Les changements récents sont en grande partie dus à l’afflux de films, de séries et de musiques sud-coréens, introduits clandestinement au Nord et dont il est illégal de les regarder et de les écouter.
« Les gens ne regardent pas de contenu sud-coréen parce qu'ils ont des croyances capitalistes, ils essaient simplement de passer le temps dans leur vie monotone et morne », explique M. Ri, mais ils commencent ensuite à se demander : « Pourquoi les gens du Sud vivent-ils la vie d'un pays du premier monde alors que nous sommes appauvris ? »
Mais M. Ri affirme que même si le contenu sud-coréen change la Corée du Nord, il ne provoquera pas son effondrement, en raison des systèmes de contrôle en place. « Kim Jong-un est parfaitement conscient que la loyauté est en déclin, que les gens évoluent, et c'est pourquoi il intensifie son règne de terreur », dit-il.

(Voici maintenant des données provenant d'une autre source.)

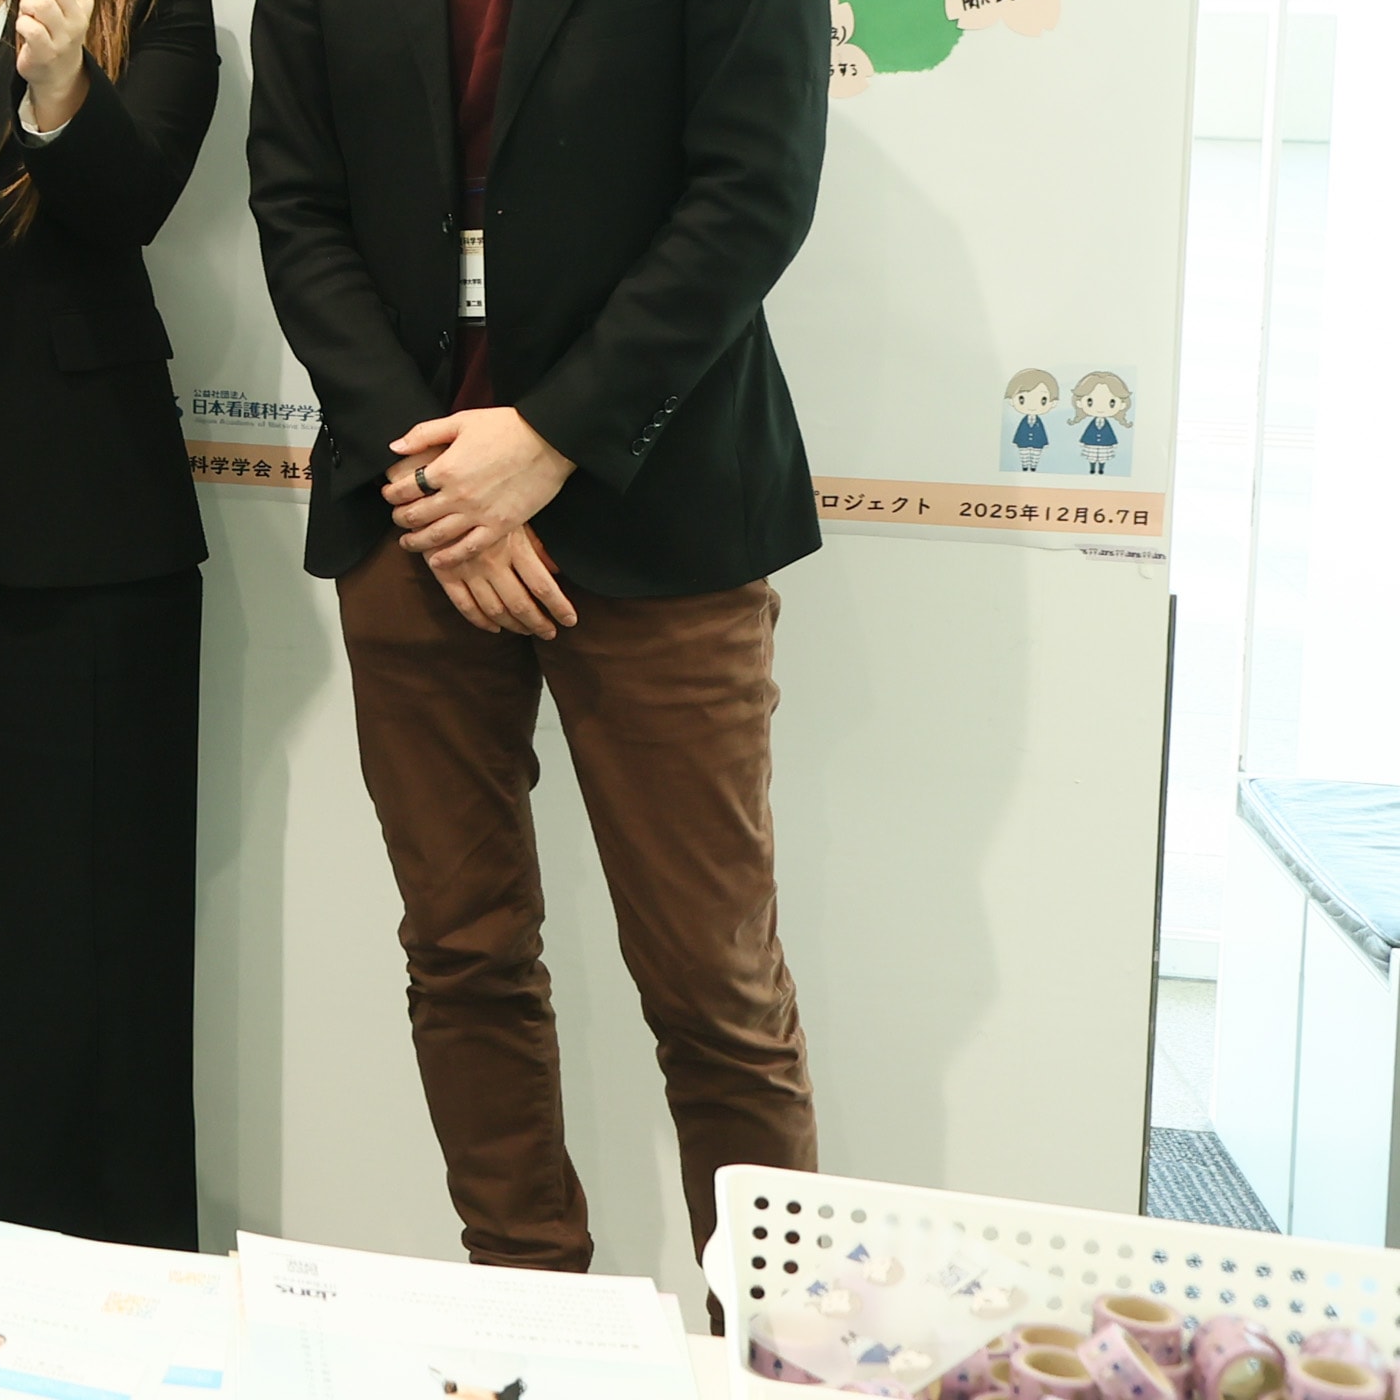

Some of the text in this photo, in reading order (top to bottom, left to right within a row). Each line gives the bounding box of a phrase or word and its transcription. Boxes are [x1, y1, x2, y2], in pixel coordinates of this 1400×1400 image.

[193, 389, 247, 400] 公益社団法人
[814, 489, 1150, 528] ロジェクト 2025年12月6.7日

Le gouvernement a introduit des lois pour punir sévèrement ceux qui consomment et distribuent du contenu sud-coréen. La BBC s'est entretenue avec un transfuge L'année dernière, il a déclaré avoir vu quelqu'un être exécuté après avoir partagé de la musique et des émissions de télévision sud-coréennes.
La décision de la Corée du Nord, à la fin de l'année dernière, d'abandonner une politique vieille de plusieurs décennies visant à une réunification éventuelle avec le Sud, constitue une nouvelle tentative d'isoler la population du Sud, affirme M. Ri.

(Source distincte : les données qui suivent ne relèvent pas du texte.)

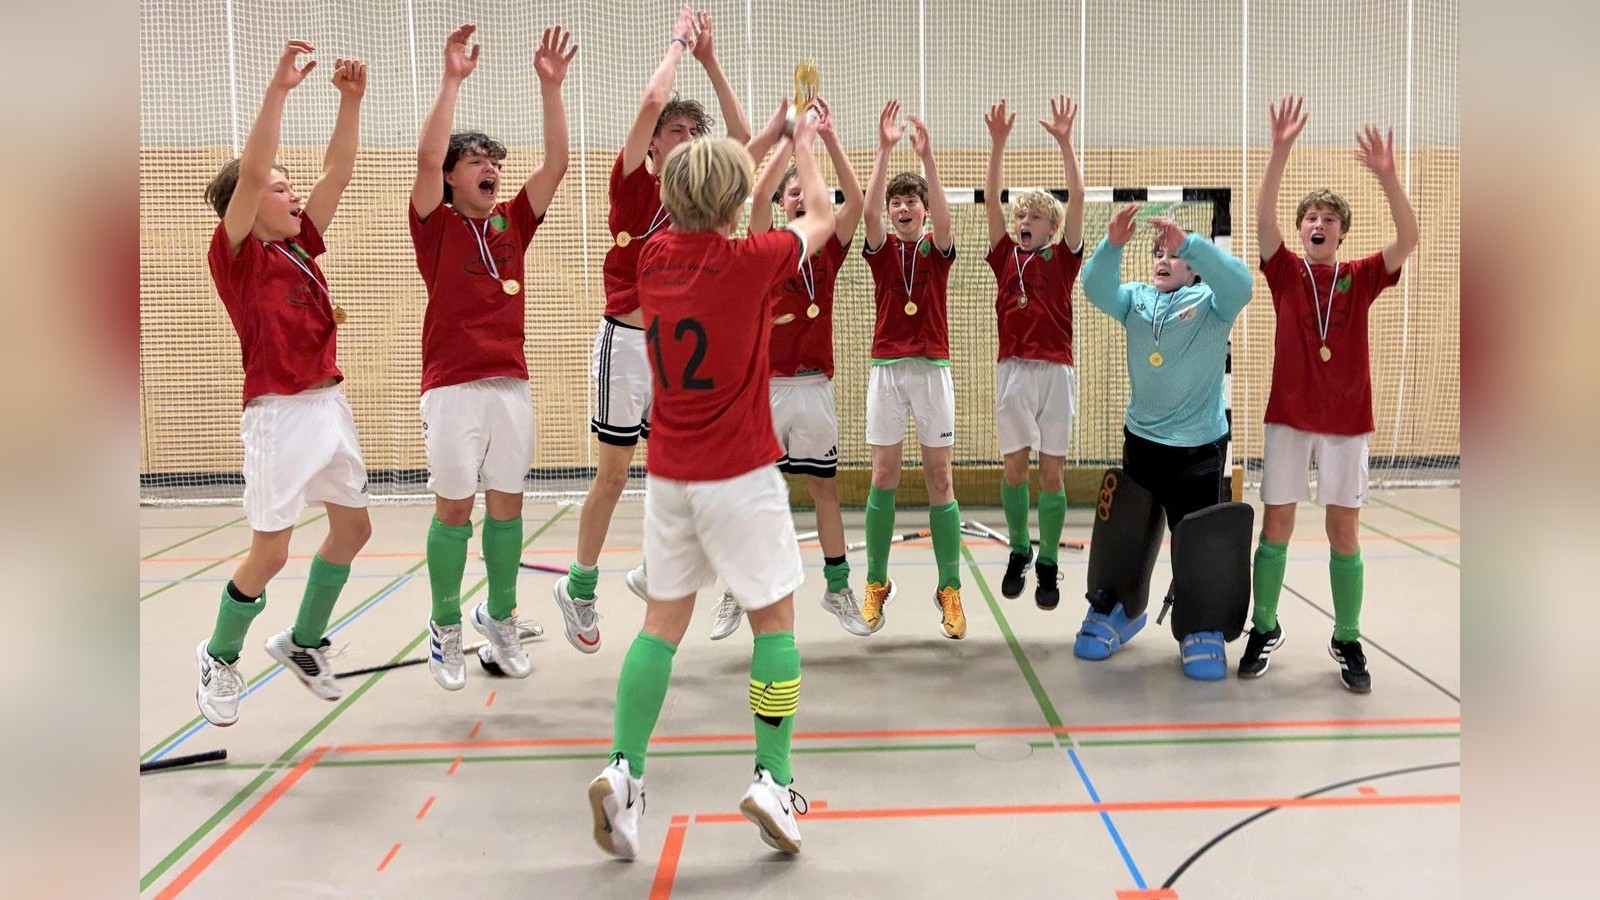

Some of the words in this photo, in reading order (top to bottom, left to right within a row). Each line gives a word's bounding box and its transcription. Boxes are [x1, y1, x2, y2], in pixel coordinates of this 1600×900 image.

[645, 314, 715, 391] 12
[940, 431, 953, 439] JAKO
[1097, 473, 1118, 521] OBO

Il a qualifié cet acte de « pire acte » de Kim Jong-un, car tous les Nord-Coréens rêvent de réunification. Selon lui, alors que les anciens dirigeants de la Corée du Nord avaient « volé la liberté, l’argent et les droits de l’homme du peuple, Kim Jong-un leur a volé ce qui leur restait : l’espoir ».
En dehors de la Corée du Nord, la santé de Kim Jong-un est au centre de toutes les attentions. Certains estiment que sa mort prématurée pourrait déclencher l'effondrement du régime. Plus tôt cette semaine, les services de renseignements sud-coréens ont estimé que M. Kim pesait 140 kg, ce qui l'exposait à un risque de maladie cardiovasculaire.
Mais M. Ri estime que le système de surveillance et de contrôle est désormais trop bien établi pour que la mort de Kim puisse menacer la dictature. « Un autre dirigeant malfaisant prendra simplement sa place », dit-il.

Il a été largement spéculé que M. Kim prend soin de sa jeune filleon pensait qu'il s'appelait Ju Ae, pour être son successeur, mais M. Ri rejette cette idée.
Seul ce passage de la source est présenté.